At the last planning meeting there were approximately 50 representatives of student groups from the New York campus. Of these 50, the majority were non-Stalinists and militant anti-Stalinists. There is no doubt, though, that if the Stalinists had wanted to pack these loosely organized meetings they could have done so with ease. Whether their failure to do so was a matter of tactics or of inefficiency is not clear.
The conference will be divided into four panels. Each participating club is entitled to send one delegate to each panel. The problems and resolutions to be discussed and voted on at the panels are: (1) discrimination against minority groups in the academic world; (2) academic freedom; (3) student economic difficulties; (4) the effect of international tensions on education. The fourth panel on international tensions was pressed for by the Stalinists with the obvious plan of using it as a sounding board for their pro-Russian line. However, judging by the sizable number of anti-Stalinists who will be at the conference this move may well prove inconvenient for the Stalinists.
Following the panels there will be several meetings which will be capped by a forum which is expected to attract several thousand students.
Some of the educators sponsoring the conference are: Reinhold Niebuhr of Union Theological Seminary; Arthur G. McGiffert, president of Chicago Theological Seminary; Randolph C. Smith, director, Little Red Schoolhouse; Professor Goodwin Watson of Columbia University’s Education Department. On the speakers’ list for the final forum are other individuals of similar persuasion plus a Stalinist and fellow traveler or two.
The organizations which have indicated their support thus far are varied, from the Young Progressives of America to a large number of socialist and anti-war clubs affiliated with the New York Student Federation Against War. The latter organization expects to have its point of view represented through approximately 40 delegates. In addition to the above organizations, support has come from several NAACP chapters, Students for Democratic Action at Brooklyn College. World Federalist United Nations Council at Columbia, the Columbia AVC, and a number of others. The list is impressive but not nearly what it should and could be.
The week-end conference will climax the series of planning meetings and students politicking which has been going on with increasing excitement and confusion for the past two weeks. The confusion is to be found primarily among the anti-Stalinist clubs.

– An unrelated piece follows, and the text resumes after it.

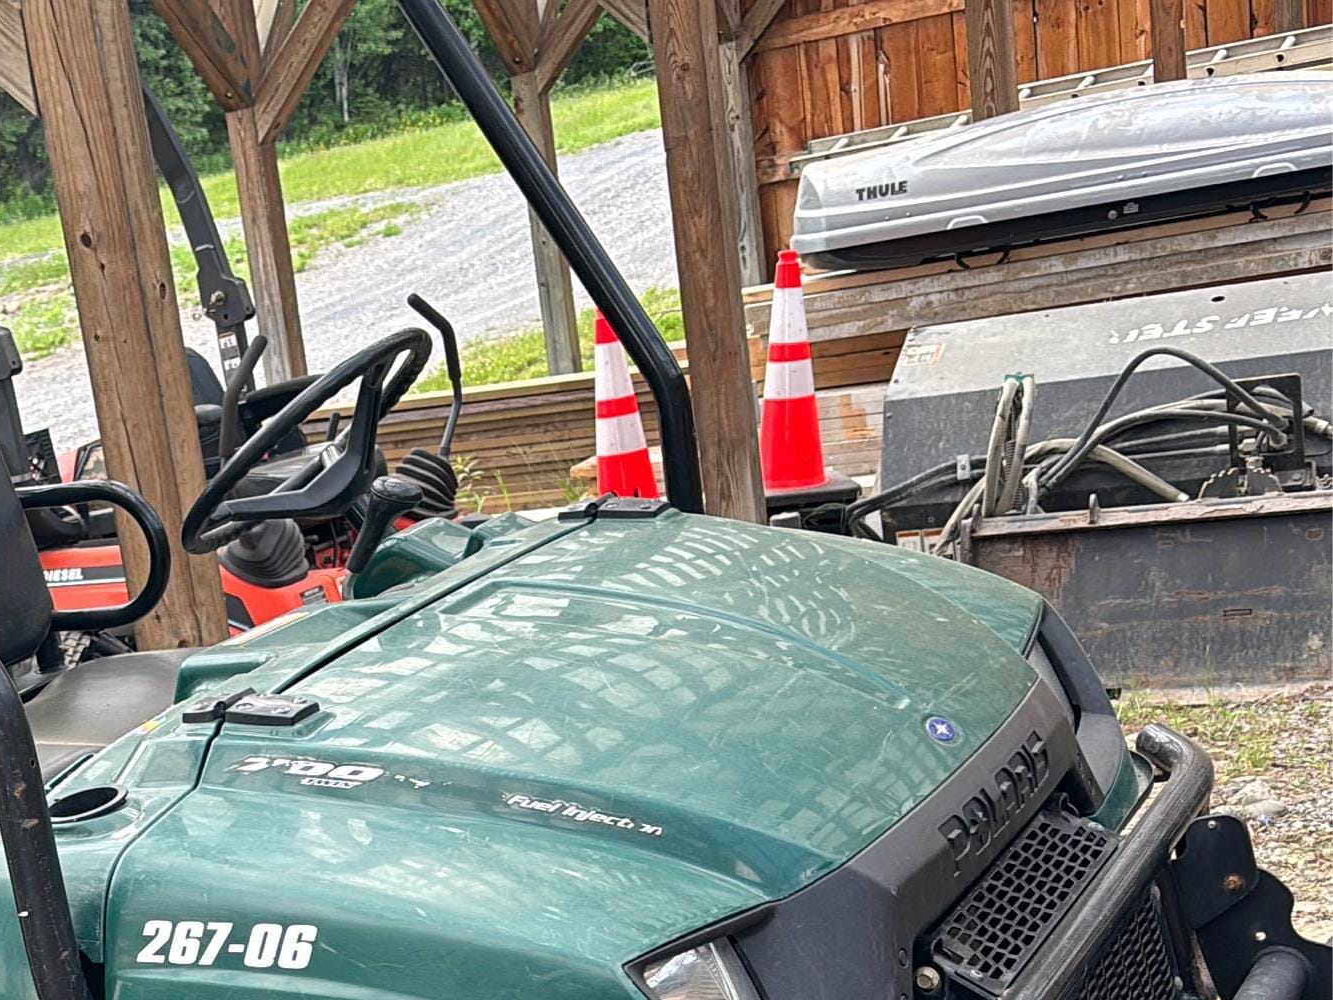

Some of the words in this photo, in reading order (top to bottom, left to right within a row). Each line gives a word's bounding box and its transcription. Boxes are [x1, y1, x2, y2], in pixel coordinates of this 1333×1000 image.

A number of these clubs have refused to participate in the conference on the grounds that it is a Stalinist front or, at the very least, is heavily loaded with Stalinists. The claim that it is a Stalinist front at this point is inaccurate, for the percentage of conscious and militant anti-Stalinists who are sponsoring the conference is high. That it is heavily weighted with Stalinists is indisputable. However, the anti-Stalinists who refuse to sponsor the conference because there are active Stalinists in it are in actuality facilitating the Stalinists’ objective of using the conference, and any permanent organization which may develop out of it, for their own purposes.
It is the same story of the disorganized liberal who is terrified of Stalinism and flees from it instead of meeting it head on. If all the anti-Stalinist clubs on the New York campus were to pool their forces within the conference, the Stalinists could be beaten on every issue.
Almost any student organization can become a sponsor. It is a good opportunity for liberals and socialists who agree on certain fundamental questions of democratic rights for students to actually do something about it and at the same time expose the Stalinists who will attempt to take over. Nevertheless, the policy of many student organizations remains to abdicate in face of the Stalinists. This policy has proved to be more than negative – it is destructive. One example of this was the withdrawal of the Columbia Student Council from official sponsorship of the conference, thereby endangering the conference’s access to the facilities of Columbia University for its panels and meetings.
No student movement can exist for any extended period of time if it has Stalinists and anti-Stalinists within it. The Stalinists on campus are no less corrupt than their totalitarian mentors and everything they do in an organization is directed toward using it for their own totalitarian ends. But there is no reason to believe that the Stalinists have the strength to so abuse the conference if the anti-Stalinists unite on a broad but effective level. For then the Stalinists could easily enough be pushed aside by those student organizations which are genuinely concerned with the increasing encroachments on academic freedom.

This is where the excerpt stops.